This method works in four steps, as described below (experimental results are included in Supplementary Material). Determine individual RNA structures: For the input RNA sequences, compute their structures having energies that fall within a particular range of the minimum energy using the Vienna RNA package's RNAsubopt function (9). Therefore, for each sequence there can be more than one possible structure. The result consists of the predicted RNA structures for all the RNA sequences in the input file. Compute a pairwise scoring matrix: In this step, compute the pairwise alignment scores between all structures except for the structures that represent the same RNA sequence. The result is a matrix that gives the score of alignment for every pair of structures. The score of comparison between RNA structures of the same sequence is entered as 0. Select one structure for each RNA sequence: From the matrix produced in step 2, select the pair of structures that have the best score. These structures are then the chosen structures for the RNA sequences they correspond to. The pairwise scoring matrix is modified to eliminate all the other structures of these RNA sequences. Once again the same process of selecting the best pair of structures and then eliminating the other structures of the sequences they belong to is carried out. This is repeated until we are able to select a structure for each of the input sequences. Predict the common RNA substructure: This step deals with predicting the consensus RNA substructure that is common to as many RNA sequences in the input file as possible. This is obtained by computing a multiple structure alignment of the RNA structures selected in step 3.

WEB SERVER

The RADAR web server together with a standalone downloadable version is freely available at http://datalab.njit.edu/biodata/rna/RSmatch/server.htm and http://www.ccrnp.ncifcrf.gov/~bshapiro/. A comprehensive help manual is available on this website as well. This online document provides detailed instructions explaining the use of the web server.

Input

RADAR accepts, as input data, either RNA sequences in the standard FASTA format or RNA secondary structures in the Vienna style Dot Bracket format (9).

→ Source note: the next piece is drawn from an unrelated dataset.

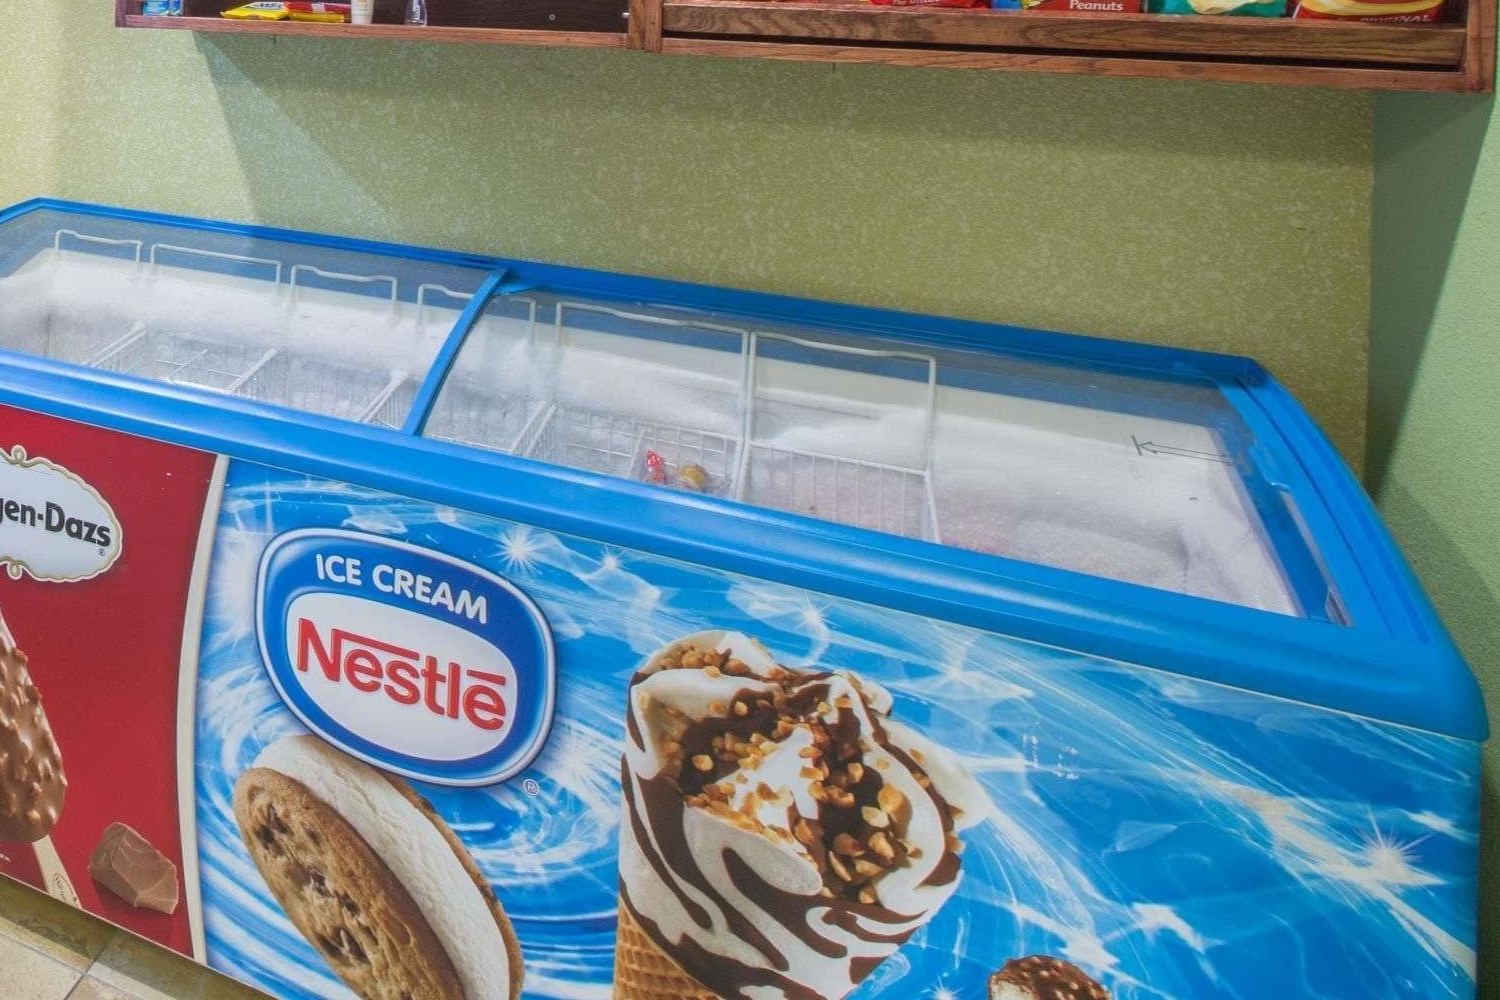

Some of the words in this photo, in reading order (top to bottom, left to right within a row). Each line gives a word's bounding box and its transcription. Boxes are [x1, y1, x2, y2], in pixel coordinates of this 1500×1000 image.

[1069, 0, 1124, 11] Peanuts
[315, 552, 362, 586] ICE
[372, 564, 487, 624] CREAM

The input data can be stored in a file to be uploaded to the server or entered directly into the text boxes provided by the server. Figure 1 shows the input interface of RADAR for aligning an RNA secondary structure with a set of subject structures. When RNA sequences are fed as input, RADAR invokes Vienna RNA v1.4 (9) to fold the sequences into RNA secondary structures. Based upon the function chosen, there are different alignment parameters such as gap penalty, scoring matrix, alignment type (global or local) or folding parameters such as minimum free energy, sliding window size, etc. that can be customized by the user. For performing constrained structure alignment, we require the user to annotate the query RNA structure to indicate which region is conserved by marking the region with ‘*’.

Figure 1.

The input interface of RADAR for aligning an RNA secondary structure with a set of subject structures.

Output

Upon completion of a structure alignment job, RADAR presents the alignment result on a web page where the alignment result can be downloaded to a file on a local machine. In Figure 2, the common region of two RNA secondary structures given in an alignment result is portrayed using RnaViz (19), where the local matches in the two structures are highlighted with the green color. For pairwise structure alignment and constrained structure alignment, RADAR ranks the subject structures in the given set based upon their similarities to the query structure. The top ranked subject structure is most similar to the query structure, with the maximum alignment score. The score diminishes as the quality of the alignment decreases.

Figure 2.

An example showing the common region of two RNA secondary structures where the local matches in the two structures are highlighted with the green color.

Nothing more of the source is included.